Action item: Would you please copy the entries exactly, leaving every picture aside?

Entries provided:
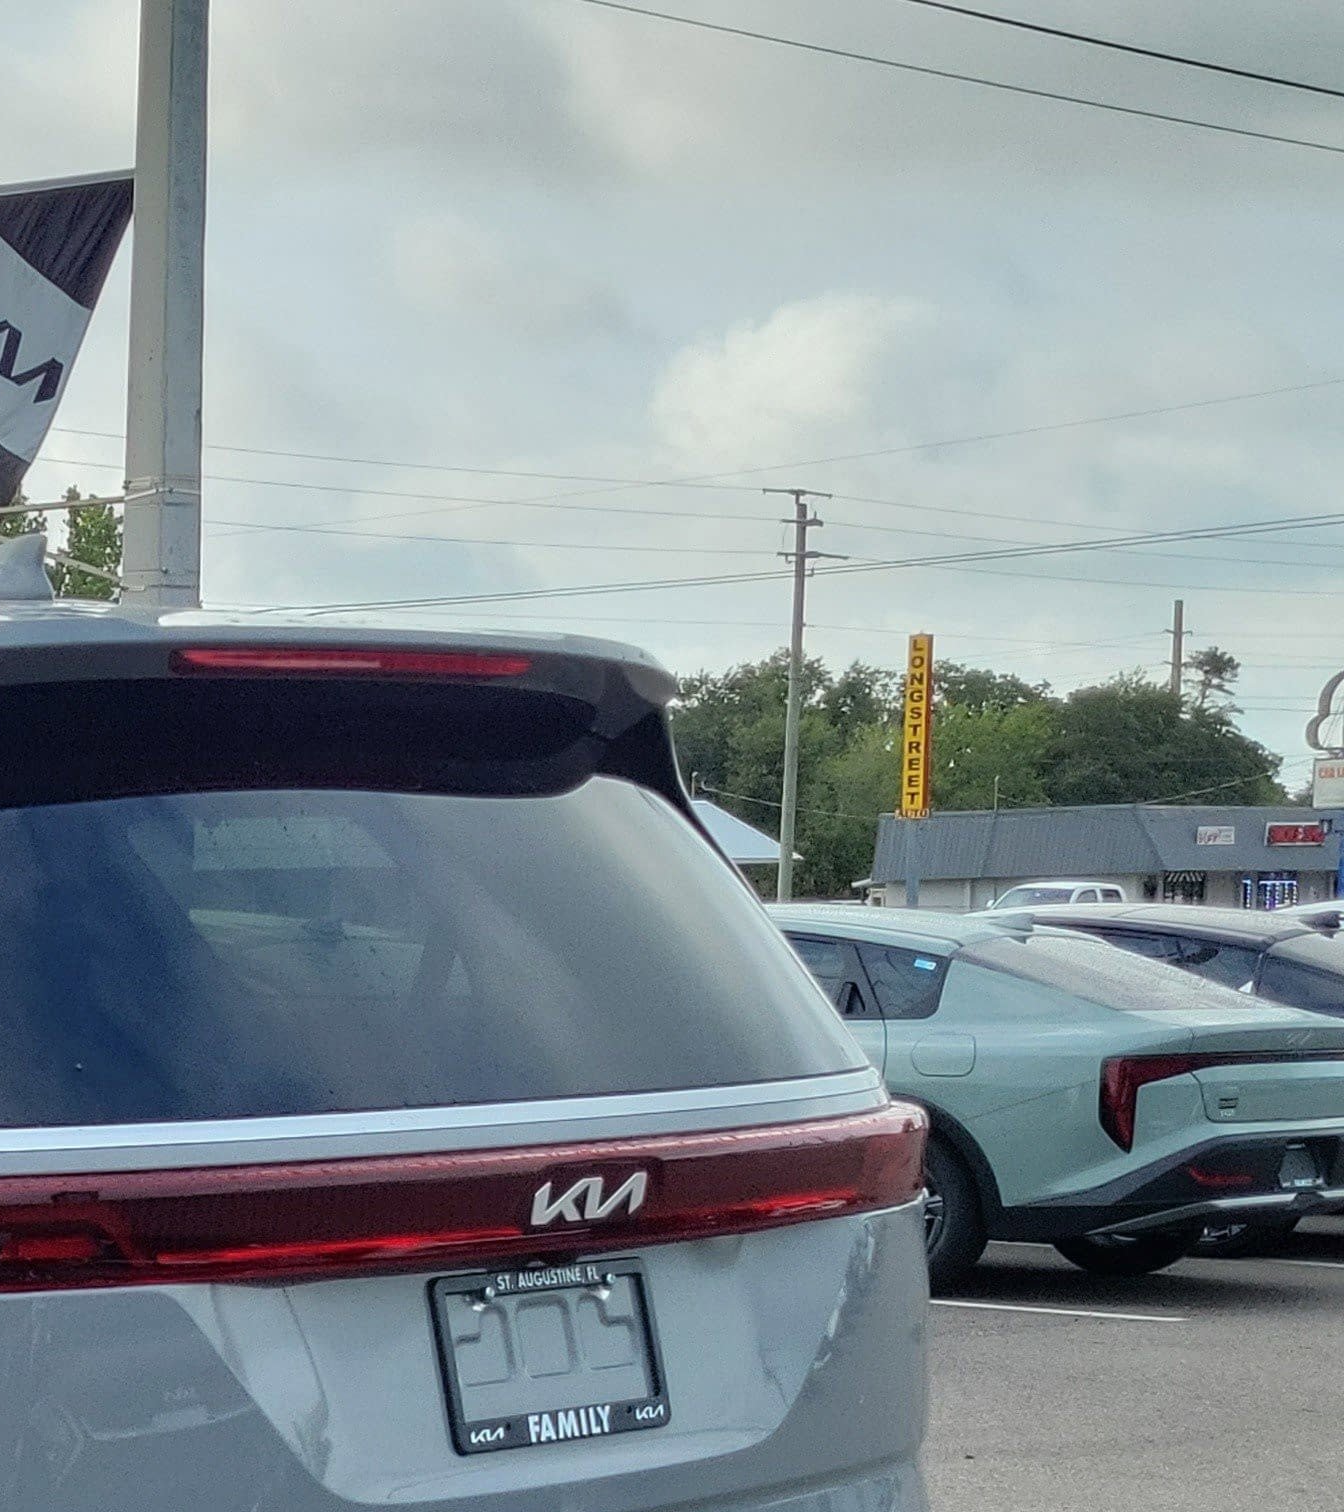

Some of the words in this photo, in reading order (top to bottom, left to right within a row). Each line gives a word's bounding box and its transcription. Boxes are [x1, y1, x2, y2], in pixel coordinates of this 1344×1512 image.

[905, 638, 925, 805] LONGSTREET
[530, 1171, 648, 1226] KIA
[497, 1275, 514, 1291] ST.
[518, 1267, 585, 1290] AUGUSTINE,
[586, 1265, 600, 1281] FL
[470, 1427, 505, 1443] KIA
[528, 1405, 611, 1443] FAMILY
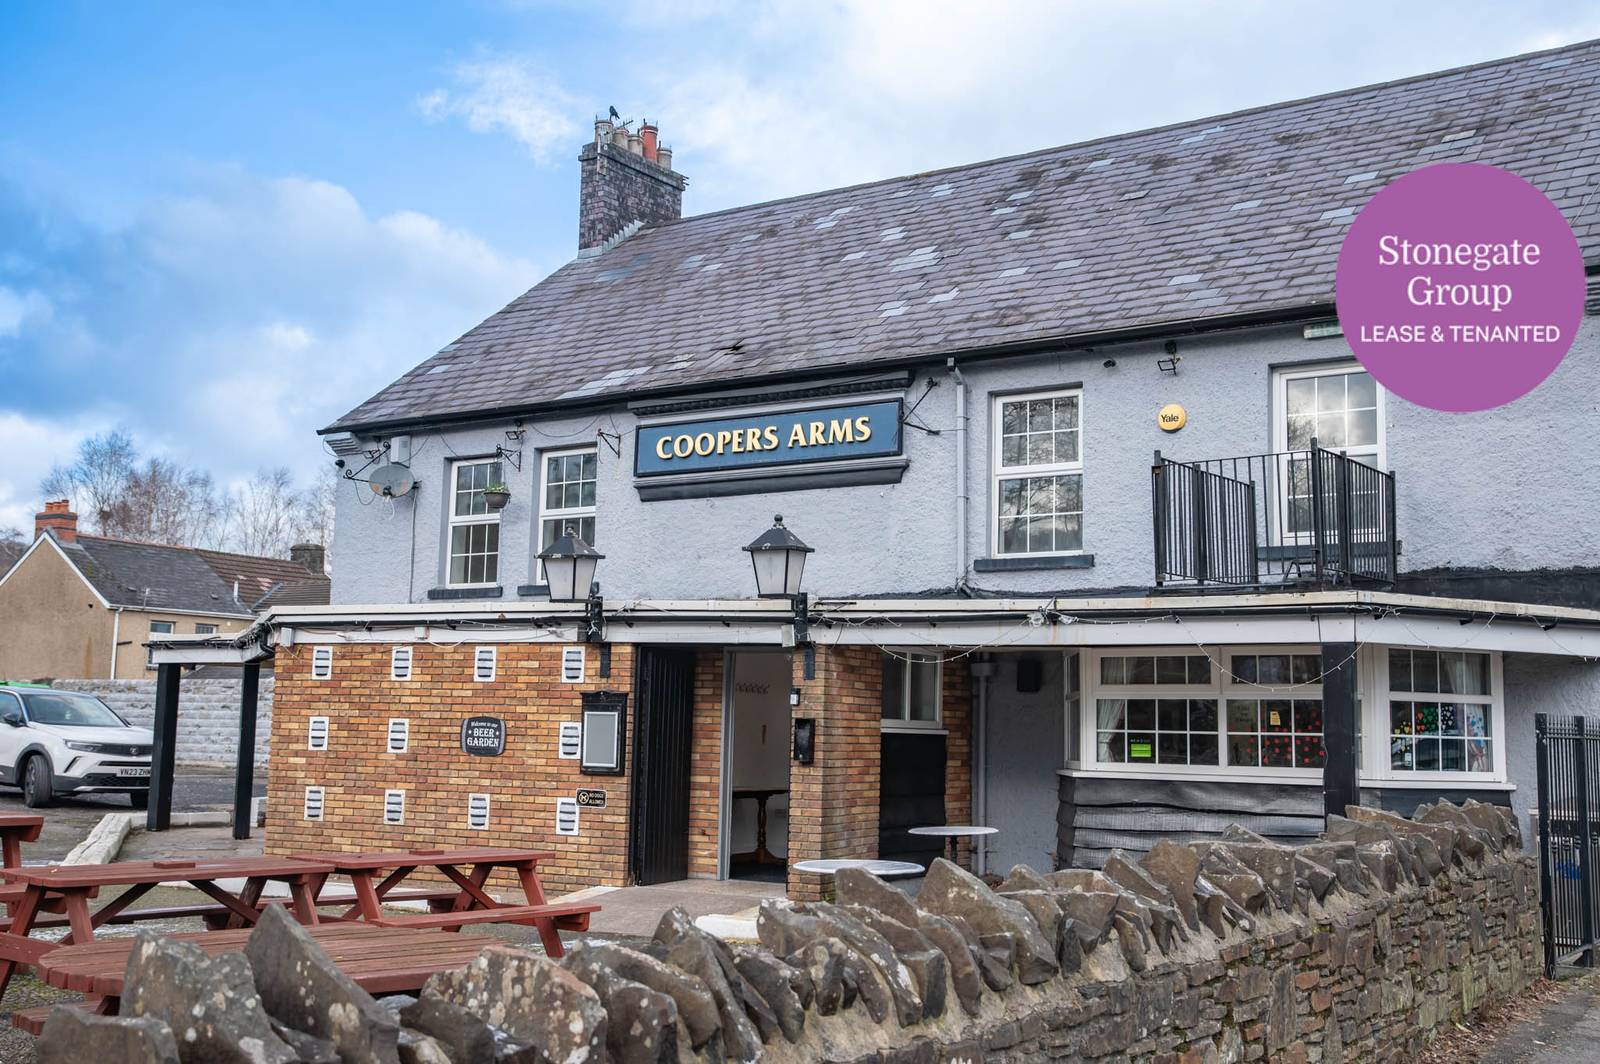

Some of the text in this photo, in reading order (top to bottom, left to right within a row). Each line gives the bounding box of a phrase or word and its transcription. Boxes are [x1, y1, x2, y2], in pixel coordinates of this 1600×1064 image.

Answer section:
Some of the words in this photo, in reading order (top to bottom, left to right within a row). Each line gives a word's bounding box and its transcription. Boxes are [x1, y1, x2, y2], in pixel coordinates of this 1344×1512 image.

[905, 638, 925, 805] LONGSTREET
[530, 1171, 648, 1226] KIA
[497, 1275, 514, 1291] ST.
[518, 1267, 585, 1290] AUGUSTINE,
[586, 1265, 600, 1281] FL
[470, 1427, 505, 1443] KIA
[528, 1405, 611, 1443] FAMILY

Some of the text in this photo, in reading order (top to bottom, left to right within a row). Each line gives the bounding box of a phrase or word and its transcription. Boxes are [x1, y1, x2, y2], in pixel coordinates of this 1600×1064 image.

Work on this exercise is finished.